Nilai kapitalisasi pasar pun surut 0,74% menjadi Rp 7.238,82 triliun, atau berkurang Rp 54 triliun. Rata-rata volume transaksi harian pun berkurang 18,36% ke 7.736 miliar unit saham, dari posisi pekan sebelumnya 9.476 miliar unit. Rata-rata nilai transaksi harian ikut surut hingga 13,5% menjadi Rp 6.141 triliun, dari sebelumnya Rp 7.100 triliun.

Hanya saja, investor asing masih mencatatkan nilai beli bersih (net buy) sebesar Rp 95,2 miliar. Sepanjang tahun 2020, nilai beli bersih asing tercatat sebesar Rp 1,95 triliun. Ini mengindikasikan bahwa investor asing masih memiliki optimisme terhadap ekonomi Indonesia, sehingga masuk ke bursa saham nasional.

Menipisnya nilai transaksi dan volume perdagangan di bursa saham ini disinyalir merupakan imbas dari pernyataan Presiden Joko Widodo (Jokowi) pada penutupan bursa 2019 yang meminta aksi goreng-menggoreng saham dihentikan. Otoritas Jasa Keuangan (OJK) pun tengah beres-beres industri reksa dana yang asetnya diduga rugi akibat aksi tersebut.

Kinerja sebaliknya terjadi di pasar uang.

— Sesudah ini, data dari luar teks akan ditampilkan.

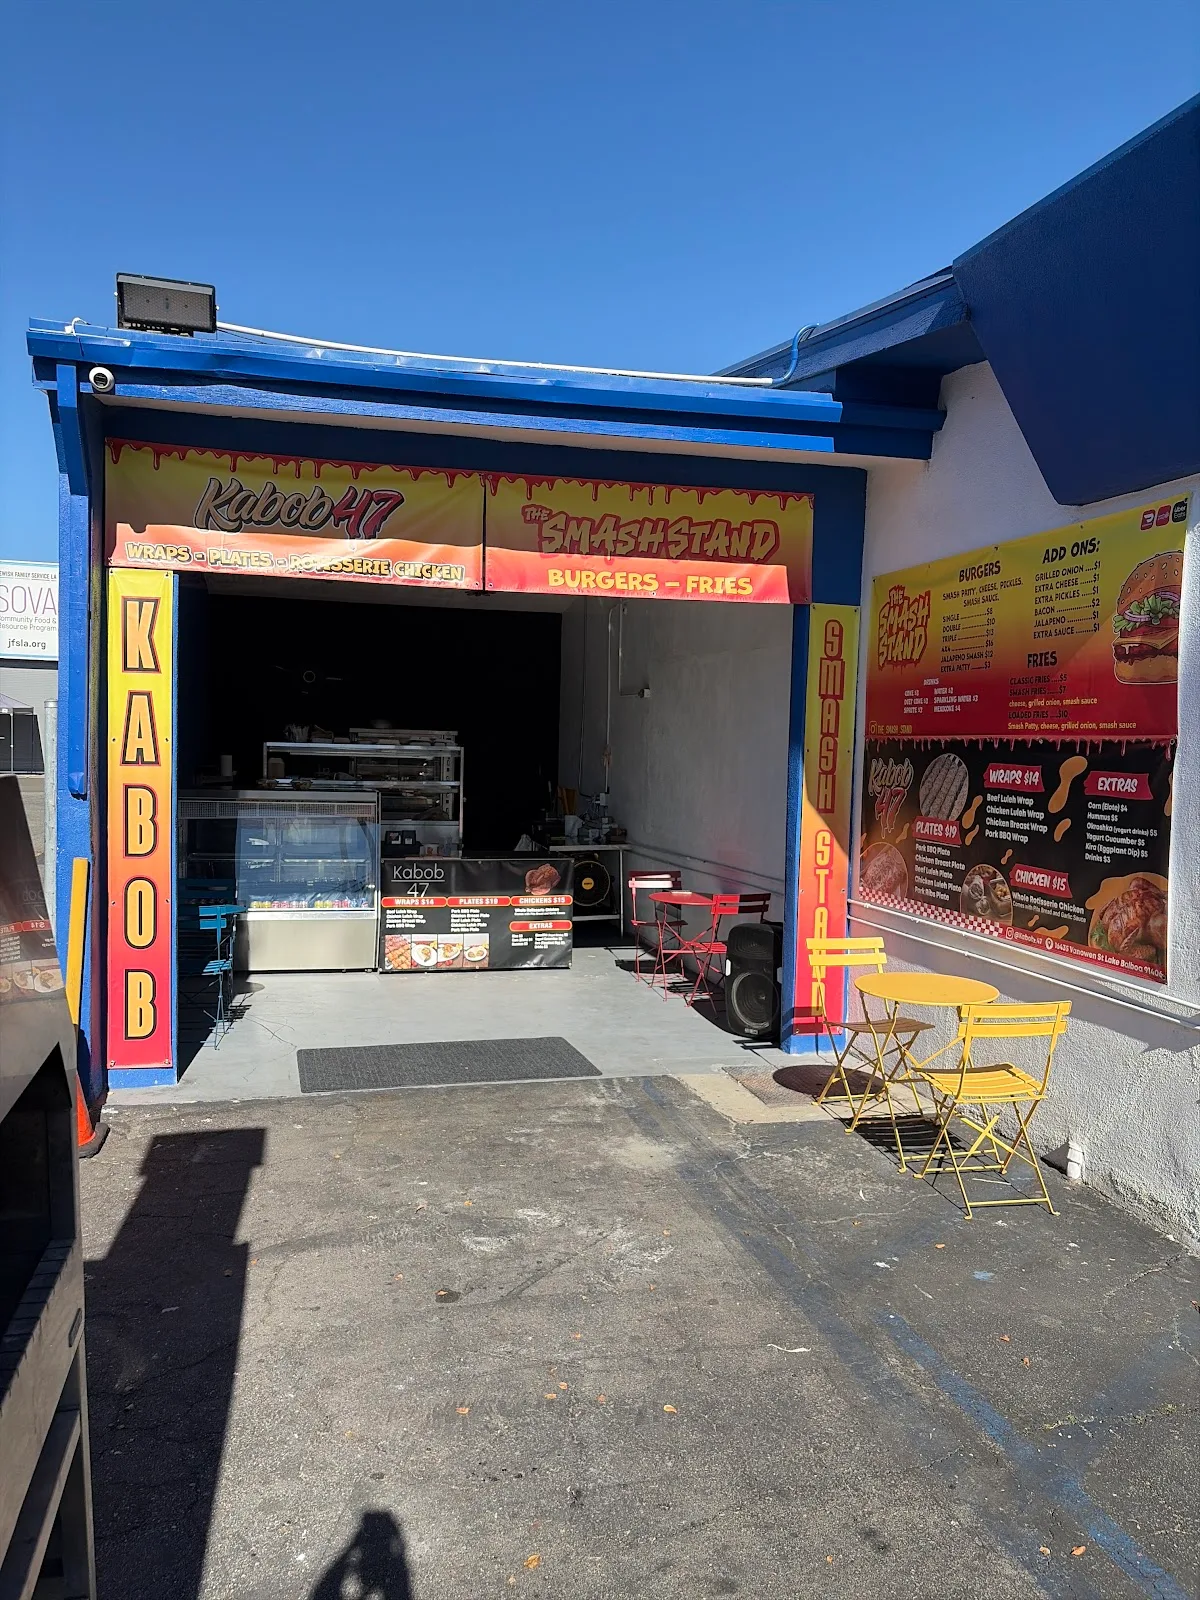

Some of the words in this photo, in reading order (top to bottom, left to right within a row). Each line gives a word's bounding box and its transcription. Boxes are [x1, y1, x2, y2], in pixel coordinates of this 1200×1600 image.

[522, 505, 552, 523] THE
[1042, 546, 1066, 564] ADD
[1070, 537, 1100, 560] ONS:
[125, 542, 192, 562] WRAPS
[208, 548, 275, 569] PLATES
[289, 554, 391, 576] ROTISSERIE
[393, 561, 465, 582] CHICKEN
[959, 560, 1000, 582] BURGERS
[1035, 570, 1060, 582] GRILLED
[1061, 565, 1084, 577] ONION
[547, 568, 659, 592] BURGERS
[686, 575, 753, 595] FRIES
[1035, 583, 1054, 594] EXTRA
[1055, 578, 1078, 590] CHEESE
[0, 584, 57, 615] SOVA
[889, 586, 904, 606] THE
[942, 590, 960, 600] SMASH
[963, 597, 981, 608] SMASH
[1034, 594, 1054, 604] EXTRA
[1055, 589, 1080, 602] PICKLES
[879, 593, 930, 638] SMASH
[942, 613, 959, 622] SINGLE
[1034, 606, 1055, 616] BACON
[34, 616, 50, 624] Food
[1034, 616, 1066, 628] JALAPENO
[29, 624, 57, 632] Program
[942, 624, 961, 633] DOUBLE
[1033, 629, 1052, 639] EXTRA
[1053, 626, 1074, 637] SAUCE
[7, 638, 46, 650] jfsla.org
[942, 634, 957, 642] TRIPLE
[879, 626, 927, 669] STAND
[966, 652, 984, 660] SMASH
[1027, 650, 1057, 668] FRIES
[940, 665, 955, 673] EXTRA
[1009, 675, 1034, 685] CLASSIC
[1034, 674, 1050, 684] FRIES
[1009, 688, 1029, 696] SMASH
[1029, 687, 1046, 695] FRIES
[1028, 698, 1045, 708] grilled
[1062, 697, 1080, 705] smash
[1080, 697, 1097, 705] sauce
[817, 619, 845, 813] SMASH
[1008, 710, 1032, 719] LOADED
[1033, 710, 1048, 718] FRIES
[1007, 722, 1024, 730] Smash
[1060, 721, 1079, 731] grilled
[1098, 721, 1118, 729] smash
[868, 758, 914, 796] Kabob
[989, 768, 1022, 784] WRAPS
[1024, 769, 1039, 786] $14
[1097, 777, 1138, 793] EXTRAS
[986, 793, 1000, 802] Beef
[1017, 796, 1034, 807] Wrap
[1087, 802, 1101, 810] Corn
[1101, 803, 1120, 812] (Elote)
[1120, 803, 1128, 812] $4
[120, 596, 163, 1040] KABOB
[986, 805, 1009, 816] Chicken
[1027, 809, 1044, 820] Wrap
[1087, 812, 1110, 822] Hummus
[1111, 814, 1118, 822] $5
[915, 821, 943, 836] PLATES
[944, 824, 957, 838] $19
[985, 817, 1009, 828] Chicken
[1010, 820, 1030, 830] Breast
[1031, 822, 1048, 834] Wrap
[1149, 828, 1157, 837] $5
[985, 829, 999, 839] Pork
[999, 831, 1011, 841] BBQ
[1012, 832, 1029, 844] Wrap
[1086, 832, 1105, 843] Yogurt
[1105, 835, 1137, 846] Cucumber
[1137, 838, 1145, 846] $5
[1084, 853, 1103, 862] Drinks
[1103, 855, 1111, 864] $3
[1097, 844, 1126, 856] (Eggplant
[1127, 847, 1140, 858] Dip)
[1140, 850, 1148, 858] $5
[915, 854, 934, 864] Chicken
[392, 863, 444, 880] Kabob
[1014, 869, 1050, 888] CHICKEN
[1052, 875, 1066, 892] $15
[407, 882, 430, 898] 47
[1011, 891, 1030, 902] Whole
[1029, 894, 1058, 908] Rotisserie
[1058, 900, 1084, 915] Chicken
[1069, 945, 1097, 959] Vanowen
[1097, 952, 1104, 961] St
[1104, 954, 1120, 965] Lake
[1120, 959, 1143, 973] Balboa

Rupiah di pasar spot pada Jumat (10/1/2020) menguat 0,65% ke Rp 13.755/US$, yang merupakan level terkuat sejak April 2018. Secara akumulatif, penguatan rupiah dalam sepekan mencapai 1,2%. Kinerja tersebut sekaligus menempatkan rupiah sebagai "Raja" mata uang di Asia Tenggara dalam sepekan.

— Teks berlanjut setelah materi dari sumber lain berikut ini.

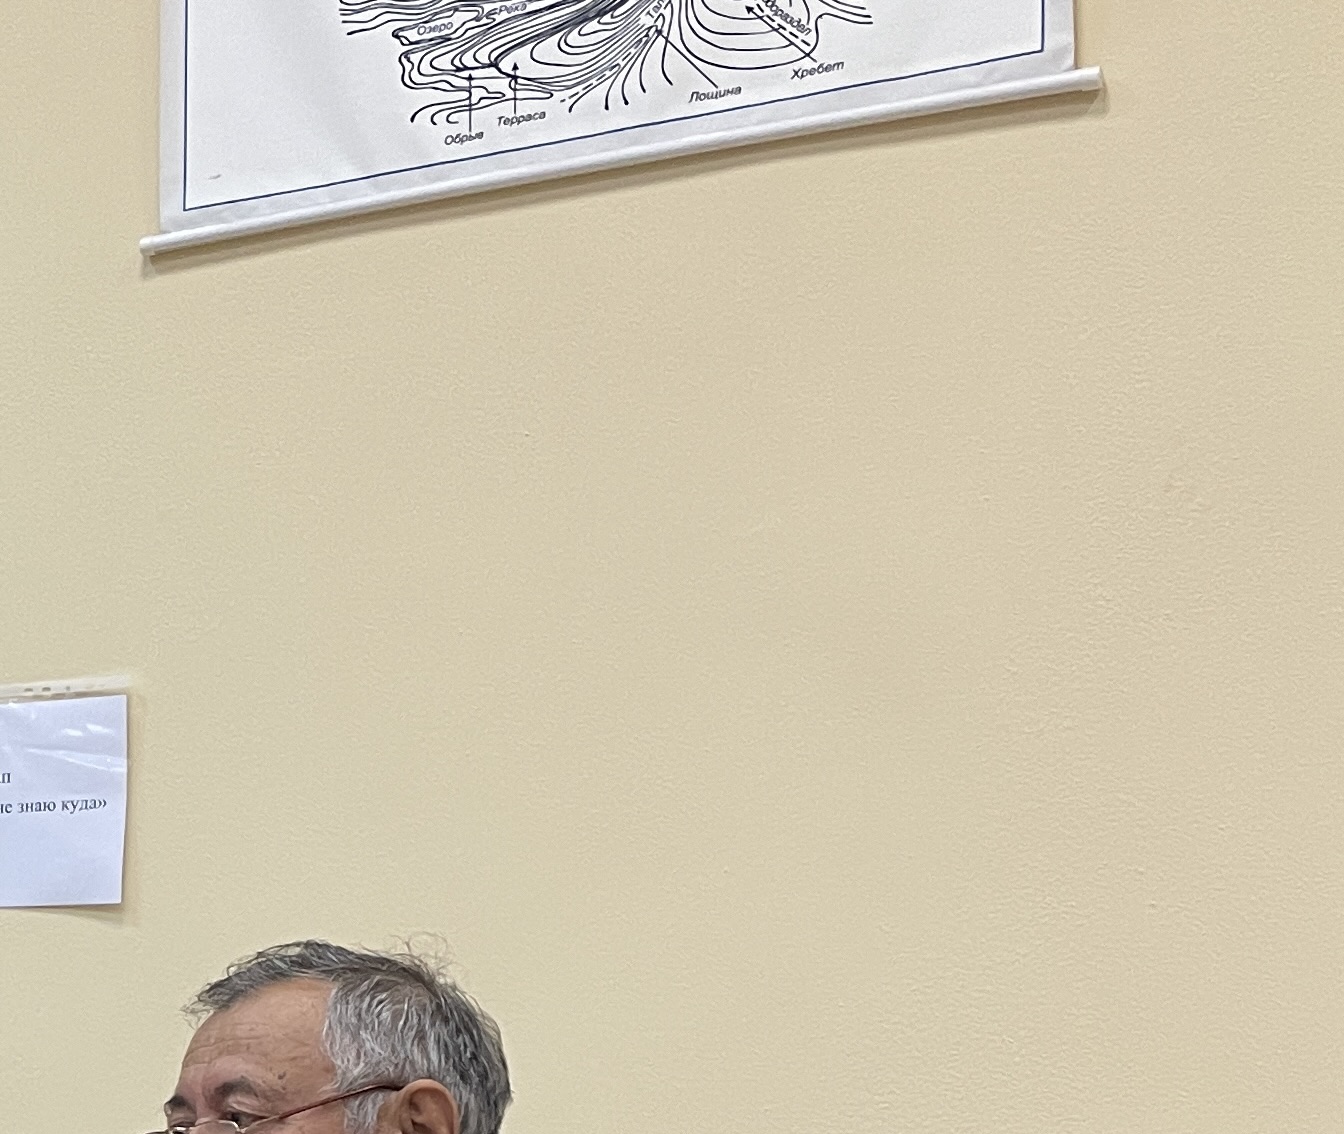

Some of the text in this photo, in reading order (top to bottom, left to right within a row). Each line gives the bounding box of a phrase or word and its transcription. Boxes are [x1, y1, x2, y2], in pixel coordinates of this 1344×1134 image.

[762, 0, 812, 36] дораздел
[417, 21, 454, 36] Озеро
[790, 61, 845, 81] Хребет
[688, 85, 742, 103] Лощина
[496, 110, 547, 127] Терраса
[444, 131, 484, 146] Обрыв
[17, 799, 57, 813] знаю
[61, 798, 108, 815] куда»

Bank Indonesia (BI) menilai penguatan itu terjadi karena pasokan valas lebih tinggi dari permintaan dan aliran modal masuk yang berlimpah, terutama ke pasar obligasi. 

Imbal hasil (yield) obligasi pemerintah seri acuan tenor 10 tahun pada penutupan Jumat (10/1) berada di level 6,93%, turun 8 basis poin (bps) dibandingkan posisi kemarin dari posisi 7,01% dan menjadi yang terendah sejak 30 April 2018. Turunnya yield mencerminkan harga obligasi sedang naik karena tingginya permintaan.

[Gambas:Video CNBC]



Nasib pasar modal Negeri Sam berkebalikan dari IHSG yang tertekan sepekan lalu akibat krisis Iran-AS. Terkoreksi hebat di awal-awal pekan, Wall Street justru berbalik menguat dan menyentuh level psikologis tertingginya yang baru. Semuanya berkat ulah Trump.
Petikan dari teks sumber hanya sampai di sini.